▶ [Your goal] Print each entry precisely; exclude the pictures.

########################################

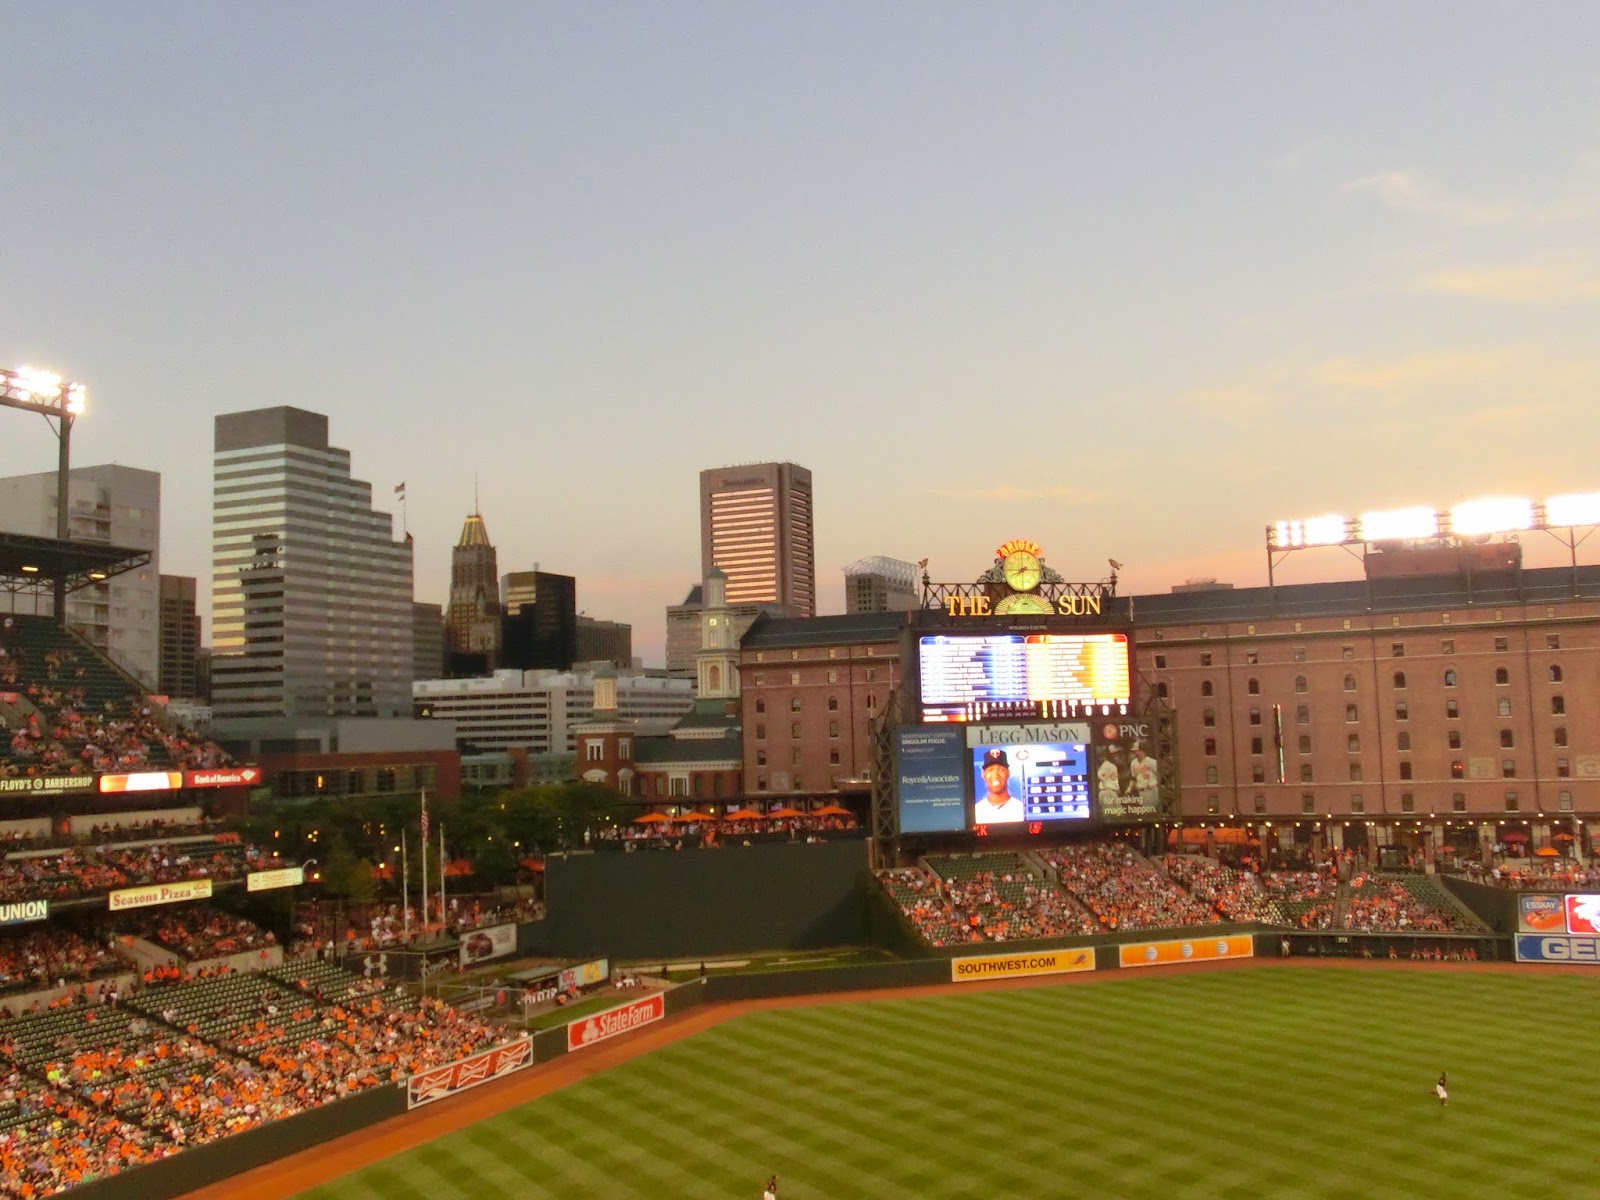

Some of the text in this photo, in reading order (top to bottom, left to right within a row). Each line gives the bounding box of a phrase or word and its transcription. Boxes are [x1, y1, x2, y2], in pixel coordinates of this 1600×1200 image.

[945, 595, 1101, 616] THE SUN
[979, 728, 1079, 744] LEGG MASON
[1119, 724, 1149, 737] PNC
[0, 777, 93, 791] FLOYD'S BARBERSHOP
[195, 775, 209, 784] Bank
[217, 774, 241, 783] America
[1116, 795, 1143, 805] making
[1104, 806, 1127, 816] magic
[113, 893, 158, 907] Seasons
[160, 887, 192, 901] Pizza
[0, 900, 47, 921] UNION
[1525, 901, 1556, 909] ESSKAY
[958, 957, 1056, 974] SOUTHWEST.COM
[600, 1004, 654, 1036] State Farm
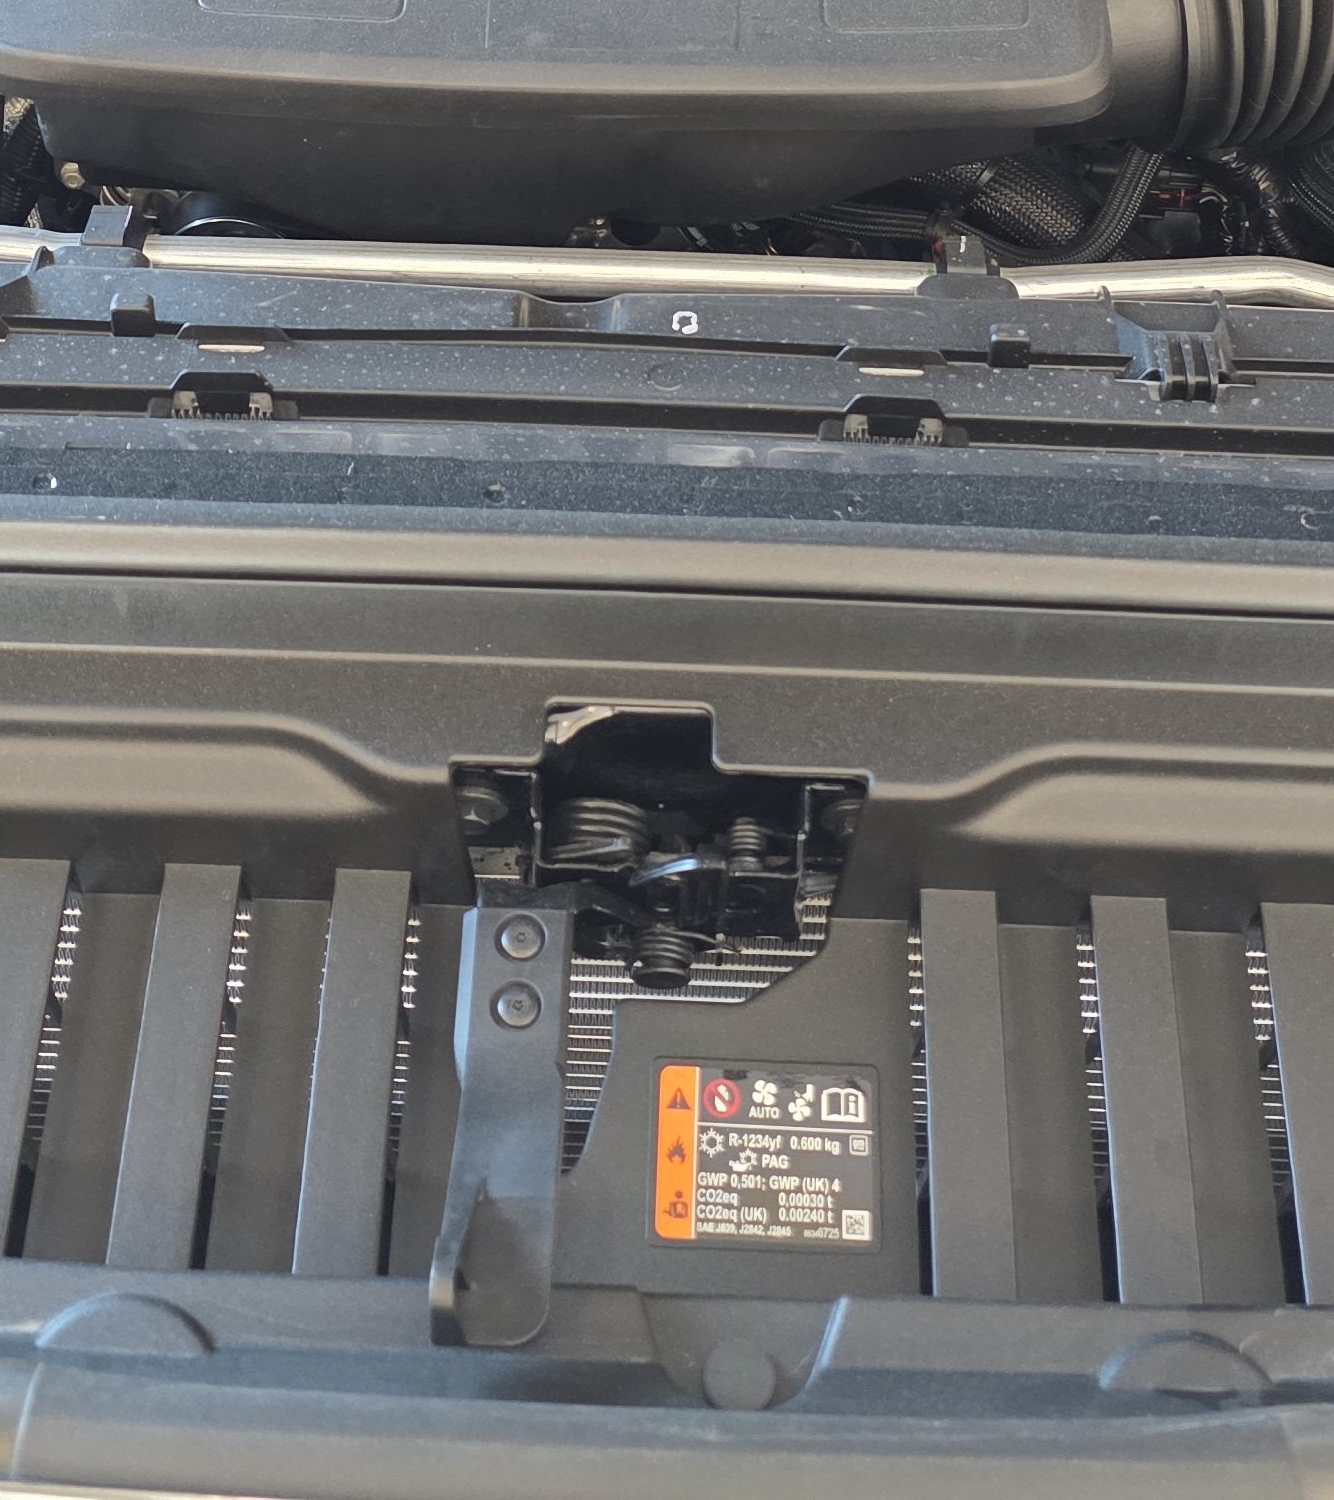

########################################

▶ [Response below]
Some of the text in this photo, in reading order (top to bottom, left to right within a row). Each line gives the bounding box of a phrase or word and its transcription. Boxes are [x1, y1, x2, y2], in pixel coordinates of this 1600×1200 image.

[945, 595, 1101, 616] THE SUN
[979, 728, 1079, 744] LEGG MASON
[1119, 724, 1149, 737] PNC
[0, 777, 93, 791] FLOYD'S BARBERSHOP
[195, 775, 209, 784] Bank
[217, 774, 241, 783] America
[1116, 795, 1143, 805] making
[1104, 806, 1127, 816] magic
[113, 893, 158, 907] Seasons
[160, 887, 192, 901] Pizza
[0, 900, 47, 921] UNION
[1525, 901, 1556, 909] ESSKAY
[958, 957, 1056, 974] SOUTHWEST.COM
[600, 1004, 654, 1036] State Farm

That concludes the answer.